Muralist explains the process of commissioning a hand-painted mural
The first thing to consider is whether the architecture of the room is suitable for the type of work the client has in mind. From there, we talk about the style and period of design. It is often better to stay true to the style of the house, although occasionally a departure can work beautifully.
Certain rooms don't lend themselves to murals - in my experience dining rooms, hallways and bathrooms are the best places to put them. In sitting rooms, you tend to have too much furniture, and people like bedrooms to be restful. But to have a mural in a dining room provides a talking point. They can create a real buzz. It is better to put them in communal areas where they can be enjoyed.

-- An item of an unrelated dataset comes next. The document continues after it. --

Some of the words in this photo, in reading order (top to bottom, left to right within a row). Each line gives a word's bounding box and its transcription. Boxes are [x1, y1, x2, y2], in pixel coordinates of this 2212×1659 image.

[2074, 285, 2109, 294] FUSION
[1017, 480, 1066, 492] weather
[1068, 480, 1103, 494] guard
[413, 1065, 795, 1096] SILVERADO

A mural differs to hanging art in that it creates a complete environment; in some cases, you could even say an extension of experience. Properly executed trompe l'oeil can work on quite a subliminal level. The height of the eye line is crucial. In a dining room, I will often lower the point of perspective because most people will be looking at it seated. In this way, you can make a small room feel inordinately bigger. I normally paint the light as it would fall in daylight, though sometimes painting it falling in the wrong direction can create an interesting tension.
I use references, but I never copy. If I have a client that is Russian, for example, that will amend the way that I paint certain periods. I always think about how that style would be historically exaggerated and interpreted according to that culture.'
Murals should be commissioned outside of time and fashion. It is about enhancing a room's architecture. For a more subtle change, consider rusticated walls or trompe l'oeil panelling.
Above: Alan produces scale drawings and maquettes of architectural details which are then reproduced on walls.